There is no error.  We just need to provide a way for the server to convey 
to
the client that there is a loop.

> 3) A similar problem exists with PROPFINDing deph != 0 on collections 
when
> access privileges forbid listing the members.

That can be handled by the appropriate status on the appropriate members.
 
> 4) Will clients that aren't aware of the ordering protocol ignore 
resources
> with a status of 208? Not necessarily -- there may be clients that 
accept
> all 2xx status codes as success (and I think those a stricly conforming 
to
> RFC2518 and RFC2616!). This would mean that we can't use a 2xx code, or 
if
> we do use it, we can simply use the approach outlined in
> 
<http://lists.w3.org/Archives/Public/w3c-dist-auth/2002OctDec/0080.html>.

I believe the protocol should be designed to produce good behavior to a
client that understands the protocol, and reasonable behavior for a client 
that
does not.  I believe the 208 will produce this result.

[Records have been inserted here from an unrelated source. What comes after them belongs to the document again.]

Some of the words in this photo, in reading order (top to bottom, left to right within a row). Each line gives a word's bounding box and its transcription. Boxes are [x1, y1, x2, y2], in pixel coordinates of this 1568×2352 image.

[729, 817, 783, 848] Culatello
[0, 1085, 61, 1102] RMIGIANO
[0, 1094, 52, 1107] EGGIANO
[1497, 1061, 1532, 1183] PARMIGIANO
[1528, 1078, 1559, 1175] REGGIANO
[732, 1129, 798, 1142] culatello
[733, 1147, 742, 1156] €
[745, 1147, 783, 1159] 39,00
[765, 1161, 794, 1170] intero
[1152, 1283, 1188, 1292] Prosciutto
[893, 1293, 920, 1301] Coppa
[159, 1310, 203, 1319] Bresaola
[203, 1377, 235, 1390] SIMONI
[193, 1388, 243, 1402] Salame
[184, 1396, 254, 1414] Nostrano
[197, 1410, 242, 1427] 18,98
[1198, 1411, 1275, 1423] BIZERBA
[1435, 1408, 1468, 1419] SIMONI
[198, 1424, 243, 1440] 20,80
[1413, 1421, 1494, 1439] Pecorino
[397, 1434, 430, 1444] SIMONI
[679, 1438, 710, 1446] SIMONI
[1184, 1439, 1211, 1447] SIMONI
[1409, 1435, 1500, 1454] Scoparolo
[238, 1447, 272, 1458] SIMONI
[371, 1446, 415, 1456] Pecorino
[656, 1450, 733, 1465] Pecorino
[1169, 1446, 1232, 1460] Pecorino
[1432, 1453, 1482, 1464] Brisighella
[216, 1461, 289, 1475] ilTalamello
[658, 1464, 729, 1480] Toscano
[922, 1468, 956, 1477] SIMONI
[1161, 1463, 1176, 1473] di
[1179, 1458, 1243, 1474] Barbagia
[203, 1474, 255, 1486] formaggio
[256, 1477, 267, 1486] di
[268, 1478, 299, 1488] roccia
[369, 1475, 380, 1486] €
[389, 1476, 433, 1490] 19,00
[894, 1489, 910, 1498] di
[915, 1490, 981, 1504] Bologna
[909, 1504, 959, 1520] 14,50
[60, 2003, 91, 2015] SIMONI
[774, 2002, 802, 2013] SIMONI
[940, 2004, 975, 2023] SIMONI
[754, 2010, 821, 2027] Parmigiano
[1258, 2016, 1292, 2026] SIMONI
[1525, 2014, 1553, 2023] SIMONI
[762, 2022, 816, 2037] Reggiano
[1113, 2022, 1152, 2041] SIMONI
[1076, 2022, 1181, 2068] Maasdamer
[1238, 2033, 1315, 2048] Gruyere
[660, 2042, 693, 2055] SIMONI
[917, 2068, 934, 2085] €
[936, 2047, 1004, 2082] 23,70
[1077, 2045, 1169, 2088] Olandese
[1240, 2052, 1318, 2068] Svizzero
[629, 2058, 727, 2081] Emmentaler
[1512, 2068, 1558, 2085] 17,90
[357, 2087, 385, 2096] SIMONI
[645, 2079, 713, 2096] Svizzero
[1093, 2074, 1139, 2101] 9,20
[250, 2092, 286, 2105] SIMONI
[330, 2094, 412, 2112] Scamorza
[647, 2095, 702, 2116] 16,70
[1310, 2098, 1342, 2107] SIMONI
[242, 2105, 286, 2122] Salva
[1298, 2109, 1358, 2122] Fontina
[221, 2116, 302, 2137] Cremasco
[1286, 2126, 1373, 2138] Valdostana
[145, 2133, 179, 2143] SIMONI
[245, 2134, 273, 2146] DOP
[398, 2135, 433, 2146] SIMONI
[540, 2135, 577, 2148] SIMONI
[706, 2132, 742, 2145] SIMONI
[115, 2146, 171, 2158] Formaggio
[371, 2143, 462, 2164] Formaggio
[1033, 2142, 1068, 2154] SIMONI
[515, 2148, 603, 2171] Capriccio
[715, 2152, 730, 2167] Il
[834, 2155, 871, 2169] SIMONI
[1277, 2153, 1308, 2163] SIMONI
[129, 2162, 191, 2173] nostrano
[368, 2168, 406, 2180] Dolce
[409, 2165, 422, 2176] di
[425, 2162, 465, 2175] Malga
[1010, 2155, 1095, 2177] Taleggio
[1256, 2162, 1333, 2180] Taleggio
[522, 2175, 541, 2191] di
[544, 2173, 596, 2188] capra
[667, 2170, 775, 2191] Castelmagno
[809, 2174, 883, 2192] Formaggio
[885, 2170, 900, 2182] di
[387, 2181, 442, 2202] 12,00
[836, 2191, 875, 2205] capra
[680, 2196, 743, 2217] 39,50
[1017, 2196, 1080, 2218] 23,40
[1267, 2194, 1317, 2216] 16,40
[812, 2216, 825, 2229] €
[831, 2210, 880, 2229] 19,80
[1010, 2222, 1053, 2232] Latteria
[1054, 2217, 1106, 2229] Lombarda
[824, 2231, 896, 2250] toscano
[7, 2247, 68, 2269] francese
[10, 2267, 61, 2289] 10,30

> I'm not convinced that a new 2xx status code is a good idea -- one 
approach
> that's much more simpler would be just to forbid depth:infinity 
PROPFINDs on
> collections that contain bind loops and to define an according 
precondition
> value.

A server that believes that can chose to just return 506.  But a server 
should
be allowed to do better than this.

> If we *do* want a new 2xx code, I'd rephrase the status condition. As a
> matter of fact, the issue is *not* that the resource already was 
reported!
> In fact, having multiple bindings to the same resource within the same
> PROPFIND result is just fine.

The 208 status code is explicitly designed to allow a server to use it to
minimize the size of the response in this case as well.

> So, I'd propose:
> 
> "208 OK, but children not listed"
> 
> We could then extend the response body to indicate *why* children 
haven't
> been traversed:
> 
> DAV:no-bind-loop (recursing below this collection would result in a 
loop)
> DAV:need-privileges (you are allowed to see this collection, but not 
it's
> content)> (see
> <http://lists.w3.org/Archives/Public/w3c-dist-auth/2002OctDec/0080.html> 
for
> a proposal how to marshall that).

I see no need for this added complexity.  208 Already Reported handles
both of these cases equally well.

Cheers,
Geoff